Carovane, circo e chapiteau ad Alcamo dopo 5 anni. Area fornita da privati

Quando il circo Sandra Orfei debutterà, ad Alcamo, con tanto di tendone e carovane, mancheranno pochi giorni al completamento di un quinquennio di assenza, dalla cittadina alcamese, del più grande spettacolo del mondo, quello che punta ad entrare nel patrimonio culturale mondiale dell’Unesco. Era l’ottobre del 2016 quando un circo, quello della famiglia La Veglia, ottenne le autorizzazioni per esibirsi in pieno centro abitato, nella zona del mercatino settimanale.

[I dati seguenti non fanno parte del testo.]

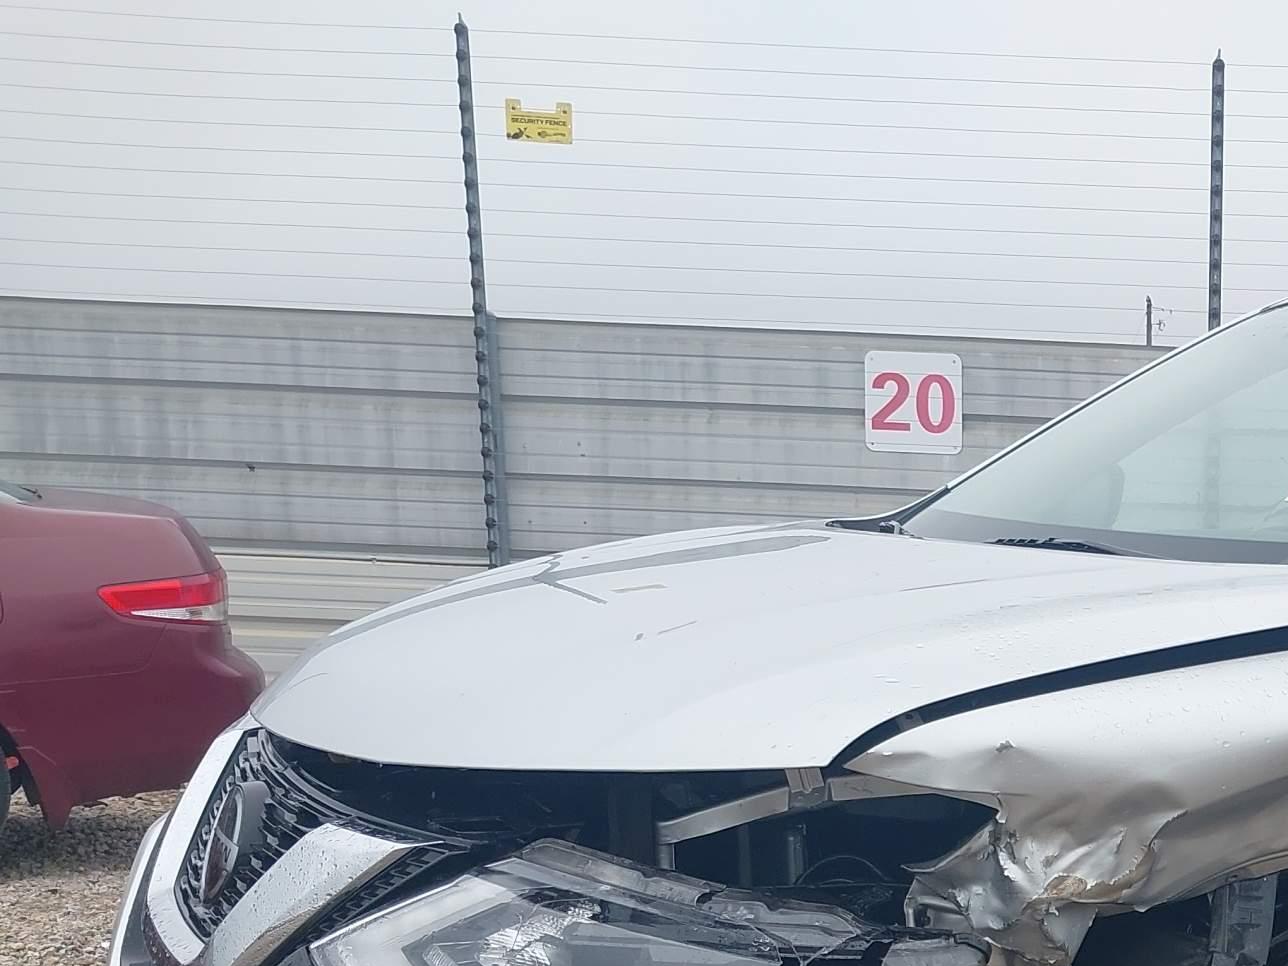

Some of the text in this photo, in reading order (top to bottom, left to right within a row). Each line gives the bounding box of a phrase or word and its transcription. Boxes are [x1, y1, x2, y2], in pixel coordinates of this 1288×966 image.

[511, 117, 567, 127] SECURITY FENCE
[871, 371, 955, 434] 20

Una consigliera comunale di maggioranza, animalista convinta, fece però ferro e fuoco spingendo gli inquirenti ad una automatica denuncia del sindaco per abuso d’ufficio. Tutto finì in una bolla di sapone. Il primo cittadino e gli uffici, infatti, avevano rispettato regole e leggi per rilasciare le autorizzazioni.

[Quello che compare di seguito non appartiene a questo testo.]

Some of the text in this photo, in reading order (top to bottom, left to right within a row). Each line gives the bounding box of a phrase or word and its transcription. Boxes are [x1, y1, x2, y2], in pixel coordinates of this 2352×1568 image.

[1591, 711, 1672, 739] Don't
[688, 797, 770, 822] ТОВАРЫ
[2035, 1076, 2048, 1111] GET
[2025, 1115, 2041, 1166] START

Da allora sono trascorsi cinque anni e Alcamo non ha più ospitato alcun circo, tranne una parentesi all’aperto, sotto le stelle, in piazza della Repubblica. Niente più tendoni, carovane, strutture e animali. Il ritornello dell’amministrazione comunale è stato sempre lo stesso: mancano aree idonee ad ospitare i complessi circensi. Nessuno però si è prodigato, a tutti livelli, per trovare soluzioni. E dire che una vecchia legge nazionale, risalente al 1968, impegna le amministrazioni comunali a reperire ed attrezzare aree per circhi. spettacoli viaggianti e fiere. Gli alcamesi si sono così abituati a recarsi a Trapani o a Palermo o nei centri vicini, Partinico e Castellamare del Golfo, per apprezzare spettacoli e cultura circensi.

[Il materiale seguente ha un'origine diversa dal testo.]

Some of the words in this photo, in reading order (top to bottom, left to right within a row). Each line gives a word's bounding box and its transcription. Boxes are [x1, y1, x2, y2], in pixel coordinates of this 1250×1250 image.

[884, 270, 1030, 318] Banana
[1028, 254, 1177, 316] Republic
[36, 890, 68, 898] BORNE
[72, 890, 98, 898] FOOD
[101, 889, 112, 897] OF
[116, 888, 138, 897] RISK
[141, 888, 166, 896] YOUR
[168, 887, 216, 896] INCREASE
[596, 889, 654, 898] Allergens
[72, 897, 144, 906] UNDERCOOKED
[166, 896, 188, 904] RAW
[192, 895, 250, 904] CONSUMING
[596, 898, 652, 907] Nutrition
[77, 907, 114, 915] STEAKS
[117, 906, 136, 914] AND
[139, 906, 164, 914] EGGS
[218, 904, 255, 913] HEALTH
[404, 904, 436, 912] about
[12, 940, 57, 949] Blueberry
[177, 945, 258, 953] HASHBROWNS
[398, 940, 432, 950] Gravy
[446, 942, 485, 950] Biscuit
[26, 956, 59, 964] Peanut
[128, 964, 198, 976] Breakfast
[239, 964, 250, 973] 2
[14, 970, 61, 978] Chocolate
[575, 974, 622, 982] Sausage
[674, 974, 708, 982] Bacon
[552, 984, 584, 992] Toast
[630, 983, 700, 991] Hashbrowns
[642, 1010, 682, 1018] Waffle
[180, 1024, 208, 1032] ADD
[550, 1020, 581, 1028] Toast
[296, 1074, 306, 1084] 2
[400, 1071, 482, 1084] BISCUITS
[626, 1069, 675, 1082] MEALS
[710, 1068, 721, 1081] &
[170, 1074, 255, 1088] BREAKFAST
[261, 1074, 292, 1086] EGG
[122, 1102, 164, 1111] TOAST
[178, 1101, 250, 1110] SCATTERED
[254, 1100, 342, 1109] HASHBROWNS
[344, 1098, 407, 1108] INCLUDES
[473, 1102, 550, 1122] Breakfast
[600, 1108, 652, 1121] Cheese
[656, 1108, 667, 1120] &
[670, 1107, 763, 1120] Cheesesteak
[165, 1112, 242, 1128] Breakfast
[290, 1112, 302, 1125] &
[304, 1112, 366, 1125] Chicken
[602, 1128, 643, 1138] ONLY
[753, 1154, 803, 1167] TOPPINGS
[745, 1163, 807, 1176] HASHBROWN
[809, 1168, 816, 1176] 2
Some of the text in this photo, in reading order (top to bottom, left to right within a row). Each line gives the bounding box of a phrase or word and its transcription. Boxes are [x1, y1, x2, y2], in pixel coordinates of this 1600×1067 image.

Dopo cinque anni, venerdì primo ottobre, la direzione del ‘Sandra Orfei’ della famiglia Vassallo, concluderà il suo lungo e faticoso impegno ‘conquistando’ Alcamo. Lo farà, però, grazie all’area privata concessa da un imprenditore in contrada San Gaetano, quasi di fronte lo svincolo autostradale, davanti a un grane supermercato. La carovana circense rimarrà lì fino all’undici di ottobre offrendo, tutti i giorni, due spettacoli, uno pomeridiano e l’altro serale (come da tradizione). Alcamo, che ha una grandissima passione per il circo oltre che un’antica e qualificata competenza, è stata privata di tali spettacoli per cinque lunghissimi anni. Dall’uno all’undici ottobre ci sarà quindi l’occasione per recuperare il tempo perduto.